→ What to produce
Output the records exactly as they appear, with no pictures included.

→ Record set
##########
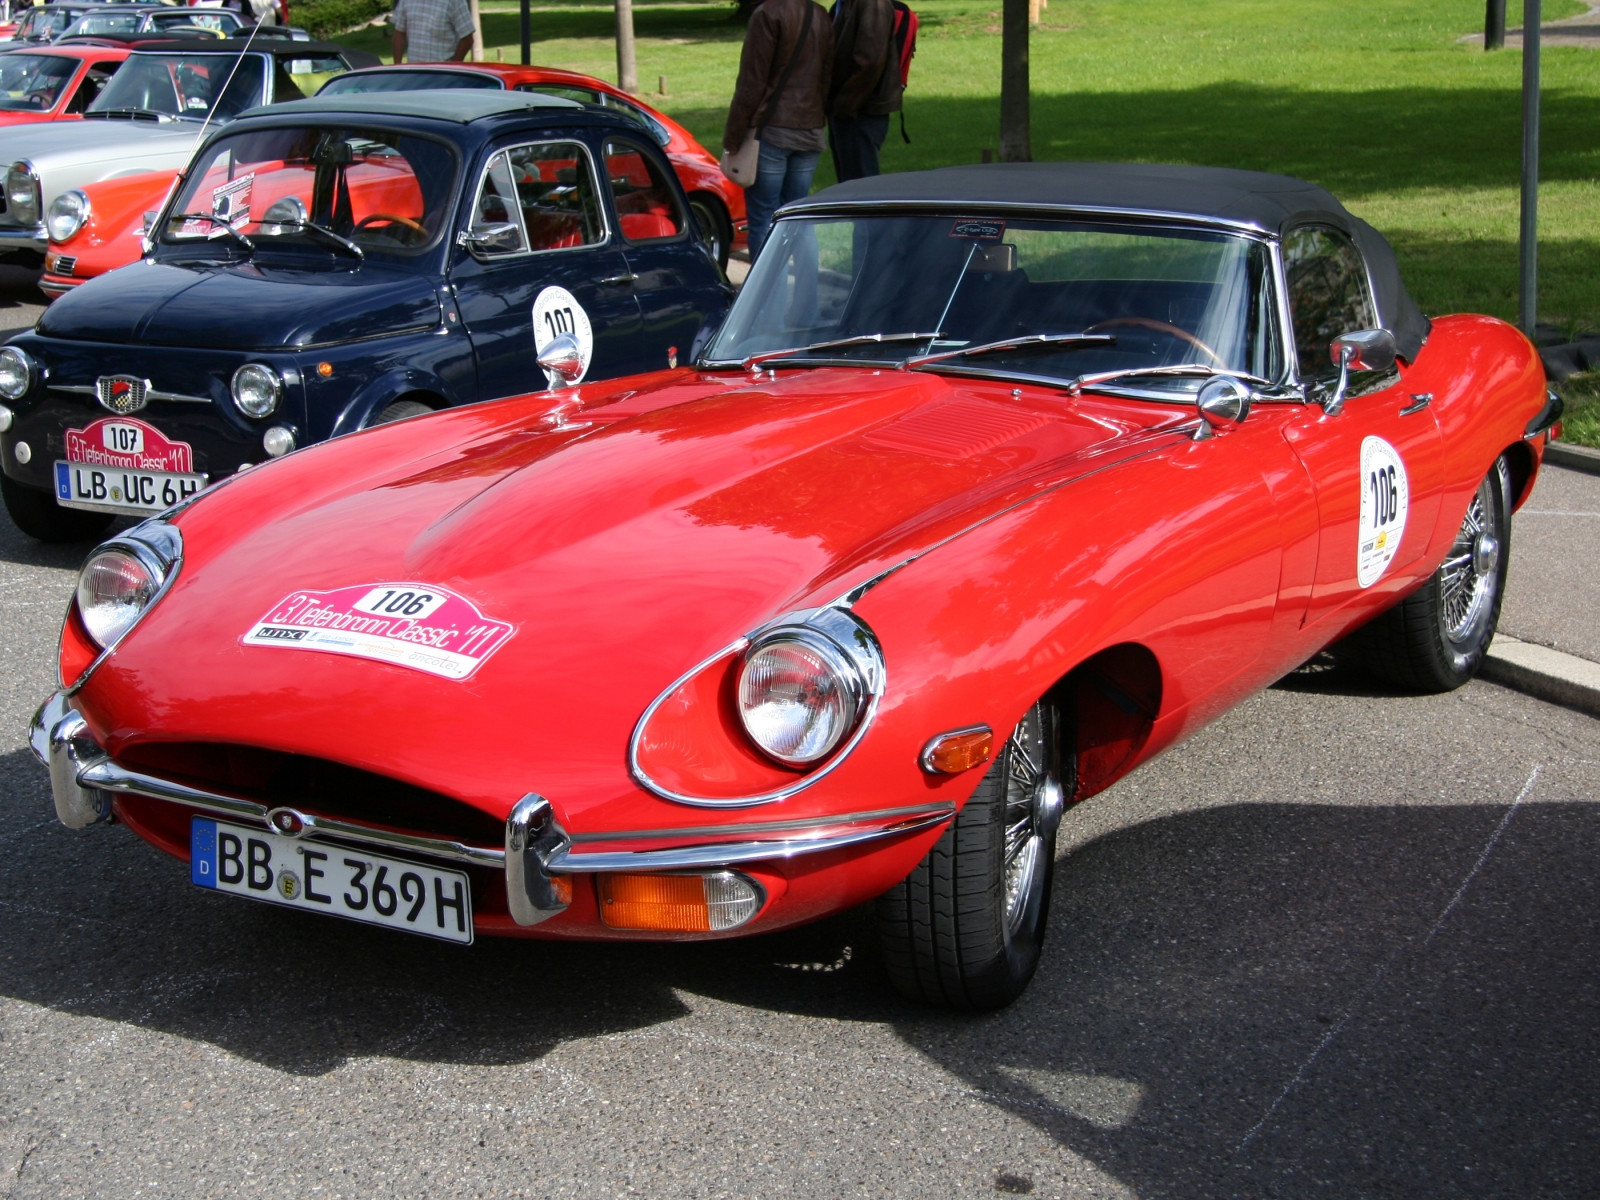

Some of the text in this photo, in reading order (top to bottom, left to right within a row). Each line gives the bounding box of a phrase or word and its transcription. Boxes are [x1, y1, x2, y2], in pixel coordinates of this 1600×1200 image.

[110, 427, 138, 451] 107
[76, 469, 108, 500] LB
[123, 474, 157, 505] UC
[1370, 464, 1397, 529] 106
[370, 590, 433, 616] 106
[386, 618, 460, 648] Classic
[199, 860, 210, 875] D
[218, 831, 466, 933] BB E 369H
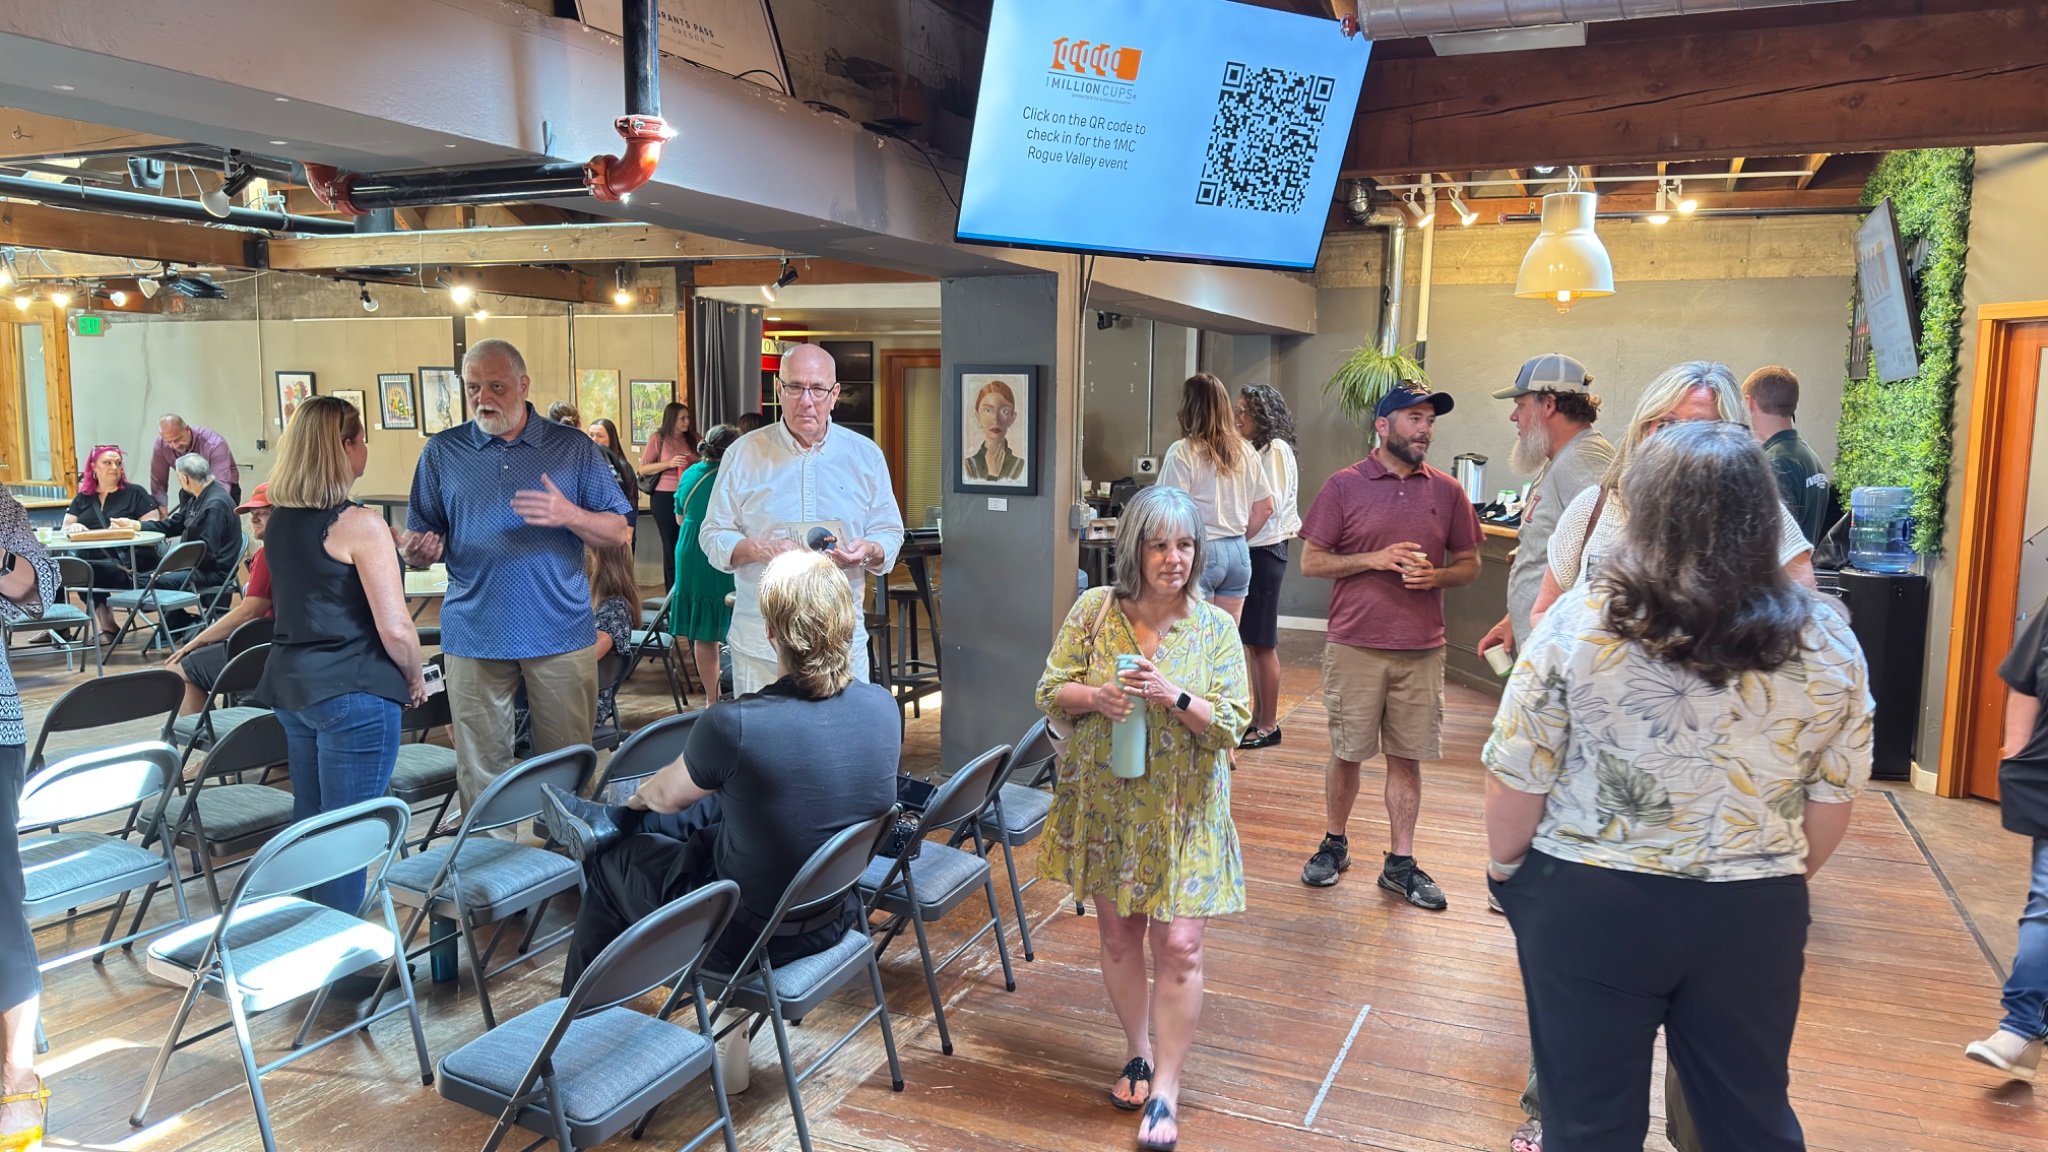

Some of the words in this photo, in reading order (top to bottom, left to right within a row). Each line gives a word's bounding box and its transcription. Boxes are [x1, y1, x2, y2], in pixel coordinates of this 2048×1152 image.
##########
→ Solution for this exercise
Some of the text in this photo, in reading order (top to bottom, left to right within a row). Each line gives the bounding box of a phrase or word and its transcription. Boxes are [x1, y1, x2, y2], in pixel coordinates of this 1600×1200 image.

[110, 427, 138, 451] 107
[76, 469, 108, 500] LB
[123, 474, 157, 505] UC
[1370, 464, 1397, 529] 106
[370, 590, 433, 616] 106
[386, 618, 460, 648] Classic
[199, 860, 210, 875] D
[218, 831, 466, 933] BB E 369H

Some of the words in this photo, in reading order (top to bottom, left to right within a row). Each line gives a word's bounding box and its transcription. Boxes are [x1, y1, x2, y2], in pixel coordinates of this 2048×1152 image.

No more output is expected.